Il sistema dei Tribunali civili è invece costituito dalle Corti dei Magistrati, che si occupano dei reati civili e penali di gravità minore, dai Tribunali distrettuali, davanti ai quali possono essere appellate le decisioni delle Corti dei magistrati ed i quali occupano dei reati penali e civili di maggiore importanza. Al vertice dell’intero sistema v’è poi la Corte Suprema. Esistono infine una serie di Tribunali speciali che si occupano di questioni particolari (es. tribunali del lavoro e militari).
Ma il suddetto sistema di separazione tra corti religiose e civili si ripete in Paesi lontani dall’area considerata, come ad esempio il Bangladesh, dove i tribunali del clero del villaggio (chiamati salish), sono competenti a pronunciare fatwa contro coloro che sono ritenuti colpevoli di aver violato la legge islamica, potendo comminare condanne che vanno dalla rasatura della testa alla fustigazione ed alla lapidazione. In Indonesia, accanto ai Tribunali generali, costituiti dal sistema dei Tribunali distrettuali, delle Corti d’appello e dalla Suprema Corte di Cassazione, sorgono i Tribunali islamici, la cui giurisdizione si è anzi notevolmente espansa tra a partire dagli inizi degli anni ’80: nel nord di Sumatra, ad esempio - territorio interessato negli ultimi tempi da un intenso fenomeno di islamizzazione -, si è verificato un travaso di competenze (es. in ordine alle questioni fondiarie) dai Tribunali civili a quelli islamici[12]. In conclusione possiamo citare un curioso episodio di estensione della giurisdizione dei Tribunali islamici nell’area occidentale. Tale episodio si riferisce all’emanazione, avvenuta nel 1991, nello Stato dell’Ontario, in Canada, di una legge che autorizzava la costituzione di tribunali arbitrali islamici. La legge in questione, ha infatti consentito alle comunità musulmane residenti nello Stato di regolare le loro controversie, a condizione che esse riguardassero esclusivamente soggetti musulmani, in tribunali alternativi che praticano una particolare forma di arbitrato, basata sull’applicazione dei principi religiosi islamici. Tale soluzione ha favorito una forte decongestione del sistema giudiziale ordinario, sia pure nel rispetto del primato del diritto civile canadese (prevedendosi, tra l’altro, la possibilità di appellare le decisioni rese da tali corti davanti ad un Tribunale civile).

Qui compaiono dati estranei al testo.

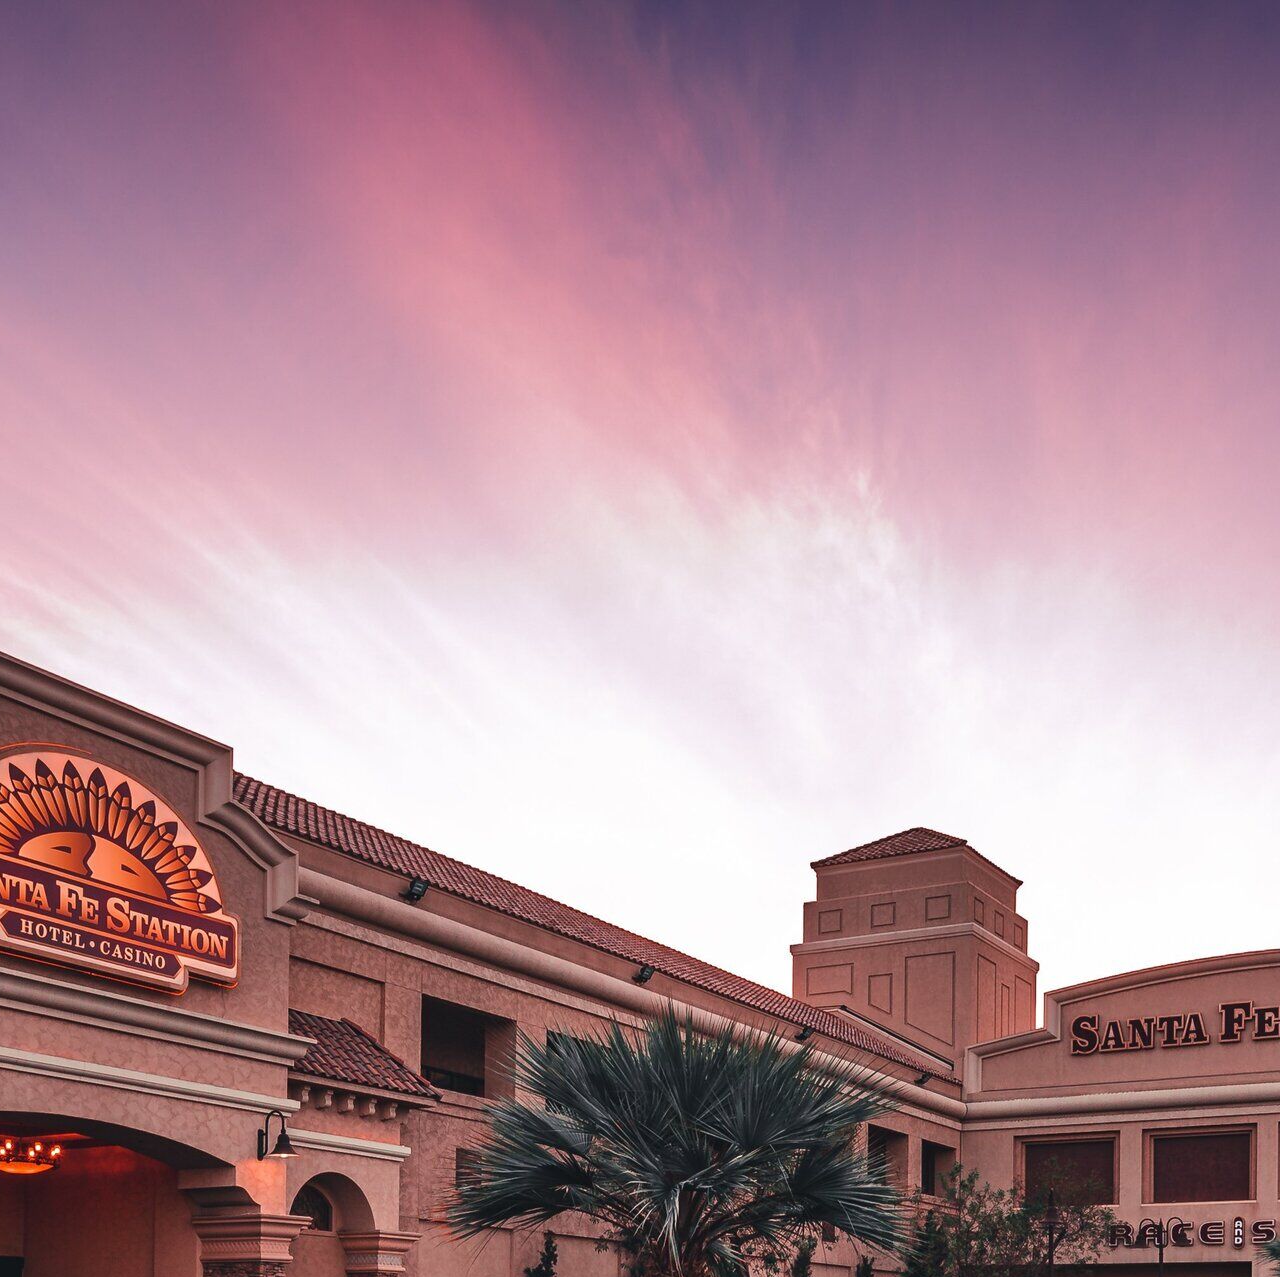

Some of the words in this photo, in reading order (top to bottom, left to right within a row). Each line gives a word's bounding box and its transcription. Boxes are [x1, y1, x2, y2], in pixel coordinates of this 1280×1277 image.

A tali tribunali è stata tuttavia tassativamente sottratta la trattazione di questioni penali, così come è stata loro vietata l’applicazione di qualsiasi forma di punizione corporale.
Bibliografia
[1] In Kenya, dei circa 30 milioni di abitanti, il 10% è di religione musulmana.[2] Il diritto consuetudinario, esperienza comune a tutta l’Africa, in quanto prodotto delle singole comunità e gruppi etnici esistenti nei vari Paesi africani, assume anch’esso un grado di rilevanza differente da Paese in Paese. Tale diritto è tuttavia andato incontro ad un progressivo fenomeno di declino, soprattutto a seguito dell’introduzione di costituzioni e codici di diritto uniformi per tutti i cittadini, all’interno dei singoli stati, i quali hanno consentito di superare lo stato di frammentazione giuridica esistente a livello di singole comunità. A tale processo di declino del diritto consuetudinario si sono sottratti però alcuni Paesi, come il Sud Africa e la Repubblica democratica del Congo. Nel primo, è la stessa Costituzione a dare un considerevole riconoscimento al diritto consuetudinario (prima v’era stata la Sezione 31 della Costituzione provvisoria del 1994 e poi la Costituzione Finale del 1996, varata nel 1997). Nella Repubblica Democratica del Congo invece, tribù come quelle dei Baluba, Bakongo e Nkundo Mongo, sono ancora oggi prive di qualsiasi raccolta scritta di diritto, mantenendo vive antiche pratiche consuetudinarie di diritto.[3] Le Qadi Courts sono state introdotte dalla Costituzione keniana (adottata il 12 dicembre 1963 e più volte modificata) all’art. 66, commi da 1 a 5. In base ad essa, tali corti hanno competenza nelle questioni in materia familiare e di successione relative alla minoranza islamica, non anche nelle dispute criminali. Il Qadi Courts Act del 1967 ha istituito 6 Qadi Courts, attribuendo ad esse la competenza in ordine all’applicazione del diritto in materia di Statuto personale. Tali organismi giudiziari, attualmente nel numero di 8, sono composte da giudici religiosi, tra cui un ‘Super-Qadi’ o ‘Capo Qadi’, che le presiede, ed un numero variabile da 3 a 20 Qadi, nominati dal Judicial Service Commission del Kenya. Contro le decisioni delle Qadi Court è possible fare appello alla High Court.[4] “Customary and Islamic Law and its Development in Africa — An Overview”, su Hunton & Williams Bullettin, August 2004, p. 3
[5] Fonte: U.S. Department of State
[6] Fonte: Biblioteca del Congresso degli U.S.A.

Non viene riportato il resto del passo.